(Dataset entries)

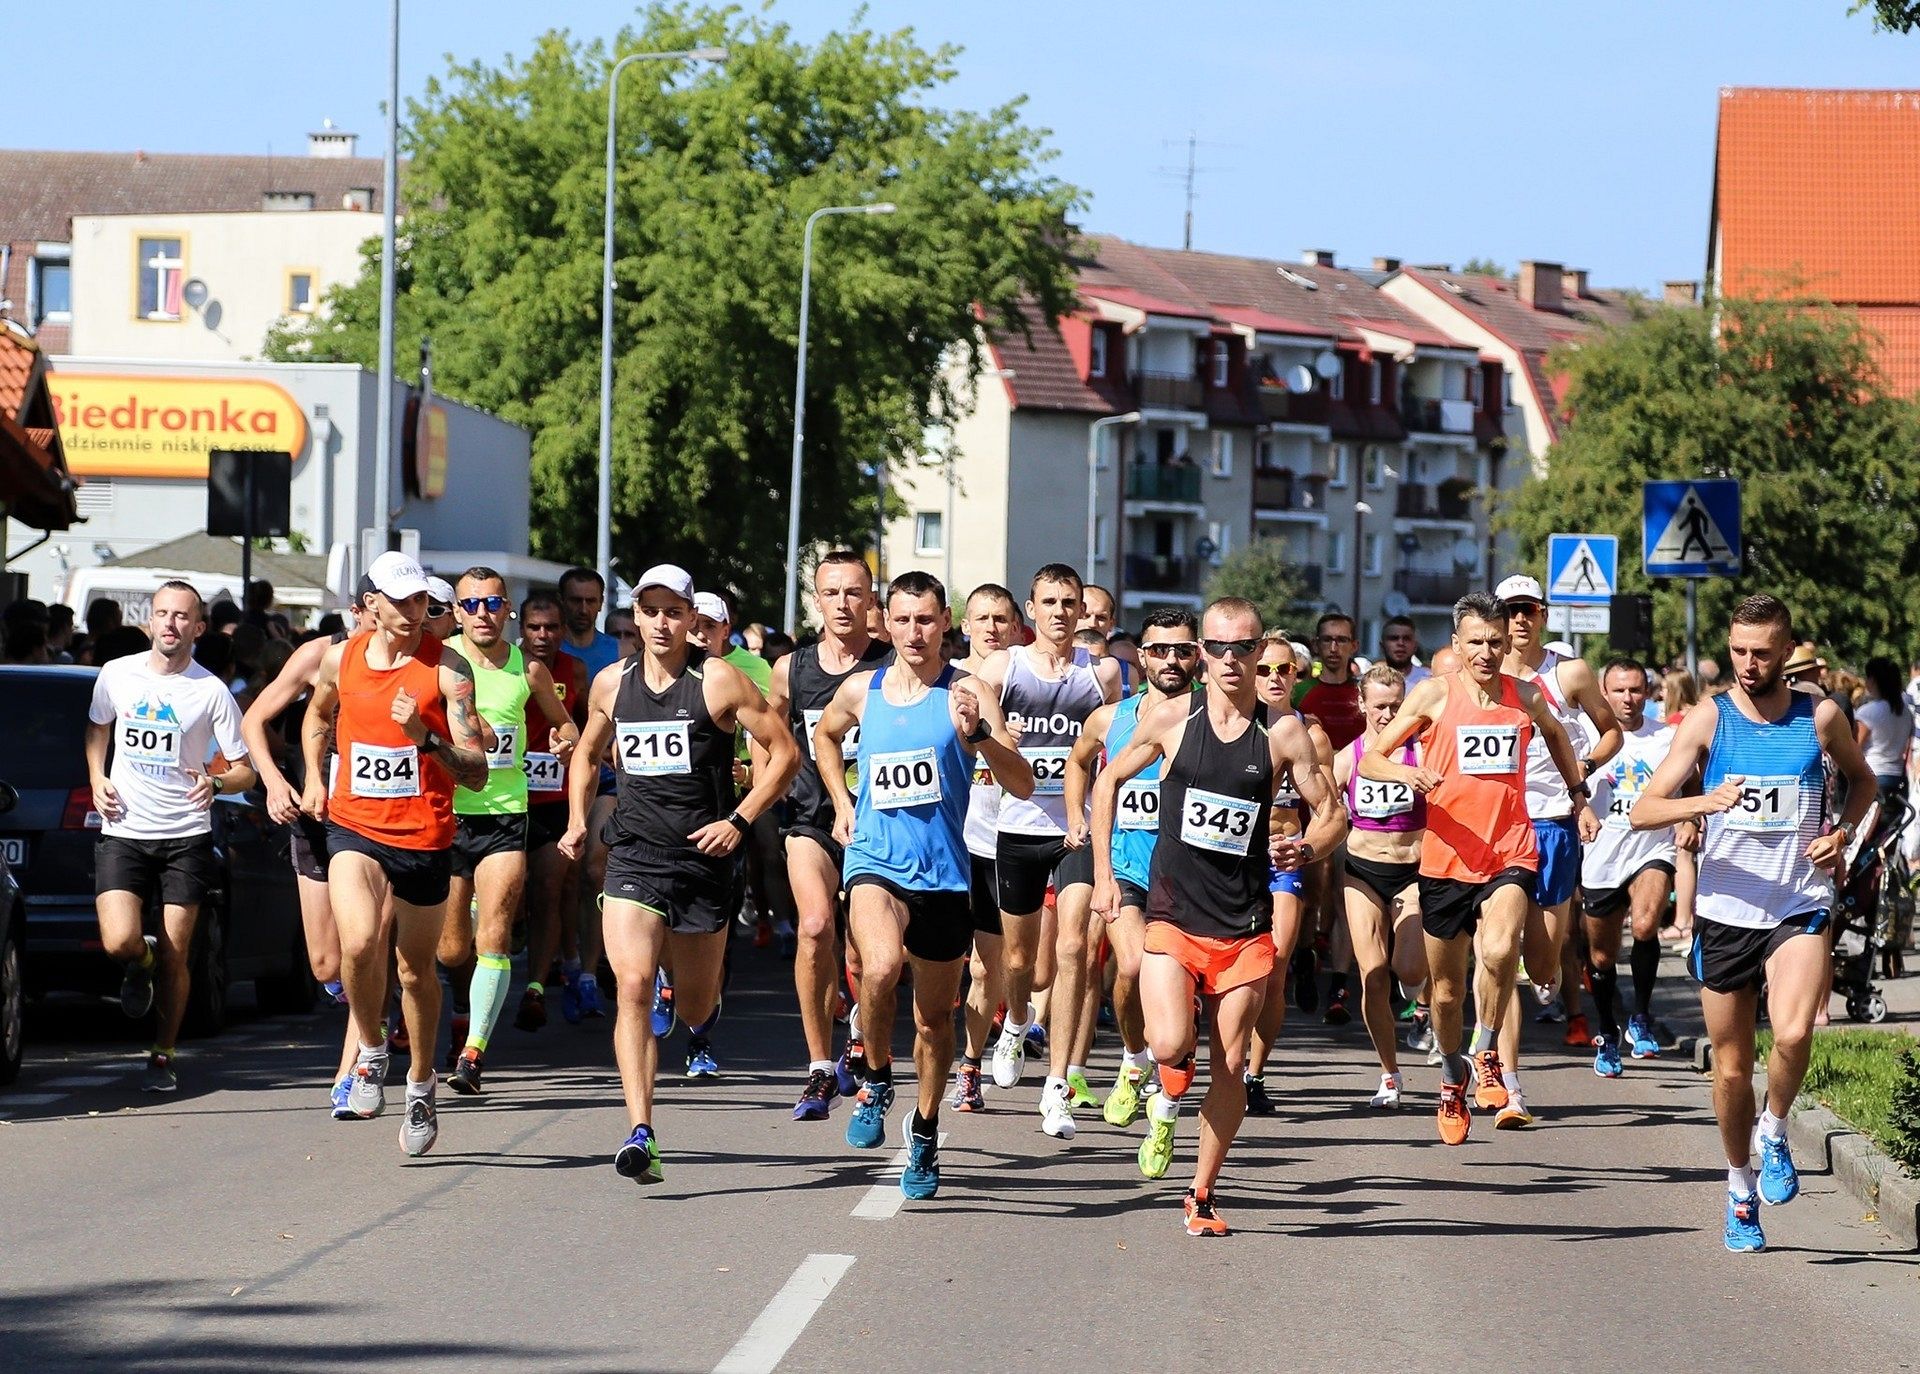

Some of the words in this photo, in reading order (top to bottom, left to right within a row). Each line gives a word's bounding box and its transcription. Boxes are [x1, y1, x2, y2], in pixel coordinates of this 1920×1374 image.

[125, 728, 173, 752] 501
[623, 733, 683, 758] 216
[1463, 735, 1517, 758] 207
[356, 756, 414, 781] 284
[522, 760, 559, 779] 241
[875, 761, 933, 790] 400
[1032, 757, 1067, 780] 62
[1361, 784, 1409, 804] 312
[1742, 787, 1779, 813] 51
[1188, 802, 1251, 837] 343

## [TASK]
An exact transcription of all the entries is required, without the pictures.

## [OUTPUT FOR THIS EXERCISE]
Some of the words in this photo, in reading order (top to bottom, left to right within a row). Each line gives a word's bounding box and its transcription. Boxes are [x1, y1, x2, y2], in pixel coordinates of this 1920×1374 image.

[125, 728, 173, 752] 501
[623, 733, 683, 758] 216
[1463, 735, 1517, 758] 207
[356, 756, 414, 781] 284
[522, 760, 559, 779] 241
[875, 761, 933, 790] 400
[1032, 757, 1067, 780] 62
[1361, 784, 1409, 804] 312
[1742, 787, 1779, 813] 51
[1188, 802, 1251, 837] 343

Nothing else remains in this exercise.